### EXCERPTED DATA
Start of Block
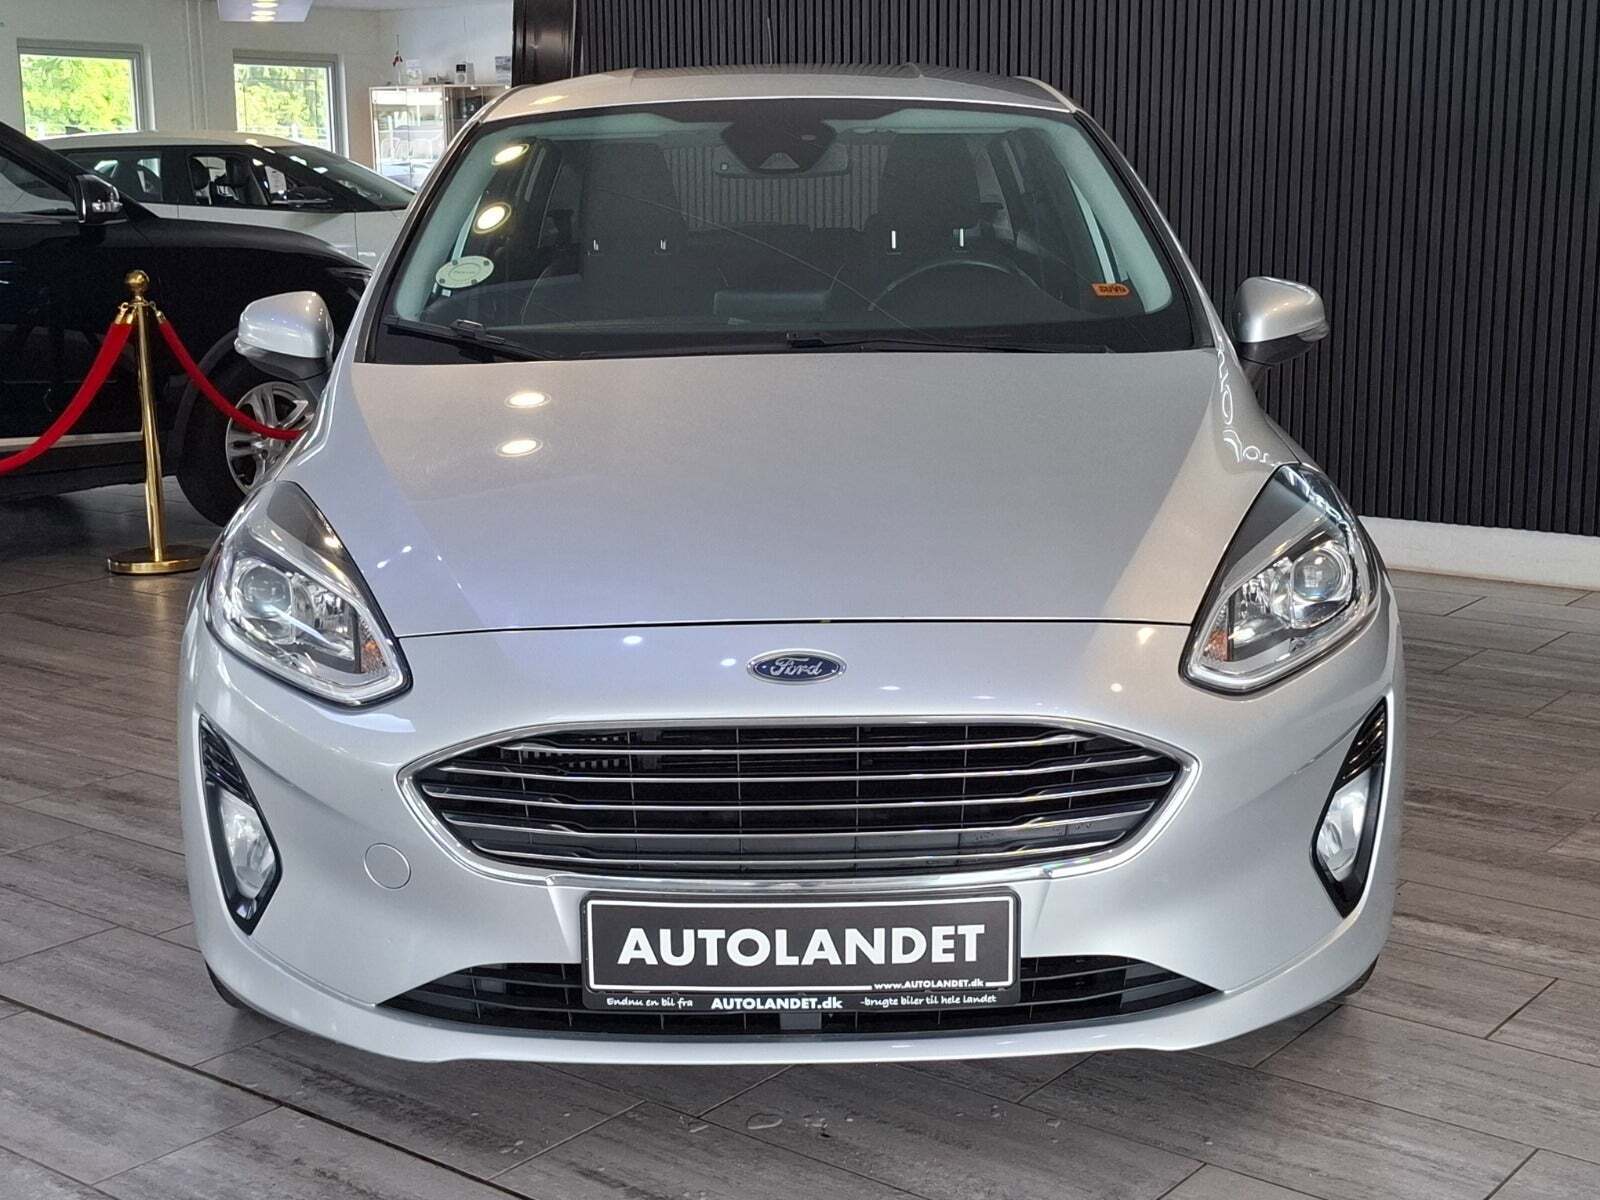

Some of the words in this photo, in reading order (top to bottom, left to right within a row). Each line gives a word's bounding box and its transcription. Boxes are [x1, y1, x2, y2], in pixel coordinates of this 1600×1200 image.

[770, 657, 823, 676] Ford
[617, 924, 985, 967] AUTOLANDET
[874, 978, 984, 990] www.AUTOLANDET.dk
[606, 997, 643, 1006] Endnu
[645, 999, 659, 1007] en
[661, 997, 675, 1007] bil
[677, 997, 693, 1009] fra
[710, 996, 843, 1010] AUTOLANDET.dk
[900, 996, 923, 1006] biler
[925, 995, 938, 1004] til
[941, 995, 961, 1004] hele
[963, 994, 997, 1004] landet
End of Block
### WORK REQUIRED
Repeat the records in full, exactly as they appear, without the pictures.

### OUTPUT FOR THIS TASK
Some of the words in this photo, in reading order (top to bottom, left to right within a row). Each line gives a word's bounding box and its transcription. Boxes are [x1, y1, x2, y2], in pixel coordinates of this 1600×1200 image.

[770, 657, 823, 676] Ford
[617, 924, 985, 967] AUTOLANDET
[874, 978, 984, 990] www.AUTOLANDET.dk
[606, 997, 643, 1006] Endnu
[645, 999, 659, 1007] en
[661, 997, 675, 1007] bil
[677, 997, 693, 1009] fra
[710, 996, 843, 1010] AUTOLANDET.dk
[900, 996, 923, 1006] biler
[925, 995, 938, 1004] til
[941, 995, 961, 1004] hele
[963, 994, 997, 1004] landet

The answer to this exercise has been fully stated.